Se santigua llena de espanto y con rodillas temblorosas se precipita de vuelta al bosque.

Mentalmente, Maese Leonhard la sigue durante un trecho por el camino que ella ha tomado. Pasa por delante de las ruinas del viejo castillo; paredes ennegrecidas por el fuego, entre las cuales se halla sepultada su juventud; pero ese espectáculo no lo conmueve, en su interior todo es presente, claro y luminoso como una imagen hecha de aire colorido. Se ve niño, jugando debajo de un abedul con piedritas de colores, y al mismo tiempo se ve anciano, sentado delante de su sombra.

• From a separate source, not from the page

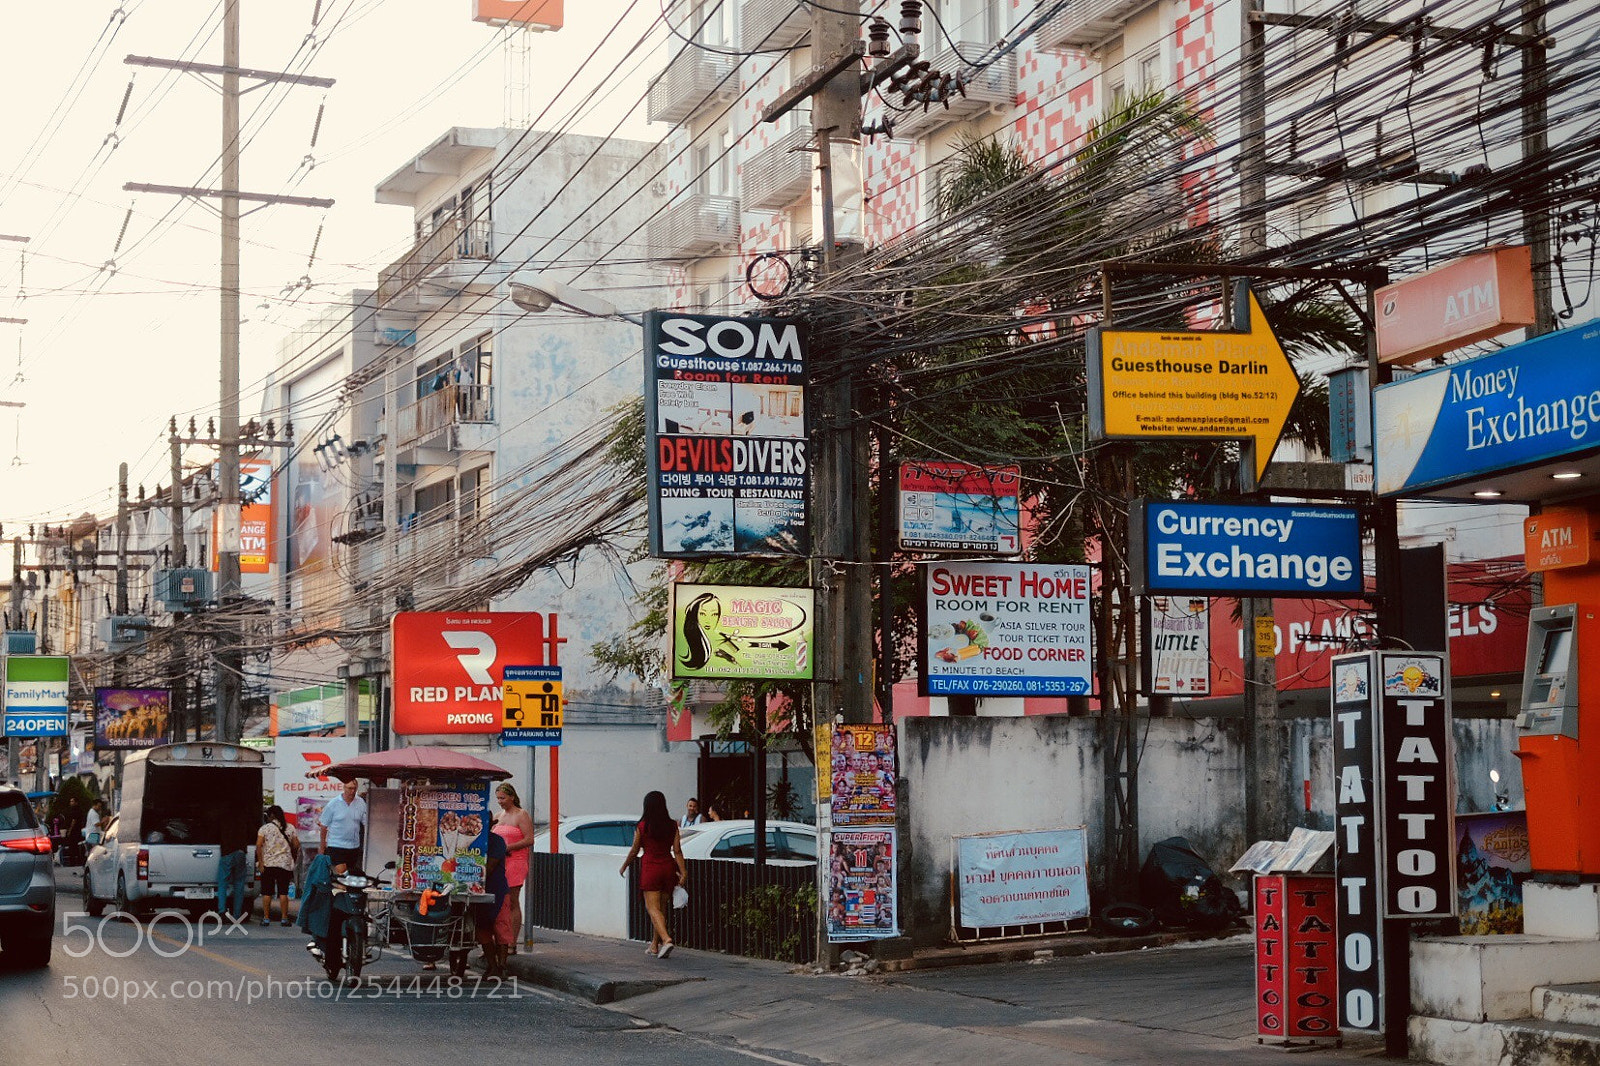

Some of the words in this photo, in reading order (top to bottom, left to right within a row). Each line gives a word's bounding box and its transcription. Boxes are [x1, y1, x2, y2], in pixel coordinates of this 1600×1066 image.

Ante él emerge la figura de su madre, con los rasgos de la cara eternamente inquietos y contraídos; todo en ella es convulso, sólo la piel de su frente permanece inmóvil, lisa como pergamino y tensa sobre los huesos del cráneo, que idéntico a una bola de marfil sin junturas, parece aprisionar un rumoroso enjambre de ideas inconstantes.

Se oye el incesante, nunca interrumpido susurrar de su negro vestido de seda, que como el enervante zumbido de millones de insectos, llena todos los espacios del castillo, filtrándose a través de pisos y paredes, robándole la paz tanto a los hombres como a los animales.

Aun los objetos parecen sometidos al hechizo de sus finos labios siempre dispuestos a pronunciar órdenes; cada cosa debe estar siempre dispuesta a cambiar de lugar, nadie ni nada debe atreverse jamás a sentirse como en casa. A la vida del mundo sólo la conoce de oídas, meditar acerca del sentido de la existencia es algo que se le antoja superfluo y un pretexto para la molicie; sólo cuando de la mañana a la noche en la casa reina un inútil corretear de un lado para el otro, sólo cuando se siente rodeada de un febril y desmoralizante cansarse para nada hasta llegada la hora del sueño, su madre cree haber cumplido con los deberes para con la vida. En su cerebro jamás pensamiento alguno pudo llegar a su fin, apenas nacido ya debe convertirse en una acción precipitada y estéril. Ella es igual que el segundero que avanza atropelladamente y que, desde su condición de pigmeo, cree que el mundo tiene que detenerse en cuanto él deja de producir tres mil seiscientas revoluciones alrededor de su propio eje durante doce veces por día, limando así el tiempo hasta convertirlo en polvo y sin poder aguardar, en su impaciencia, a que las pausadas y serenas agujas del reloj alcen sus largos brazos para dar las campanadas.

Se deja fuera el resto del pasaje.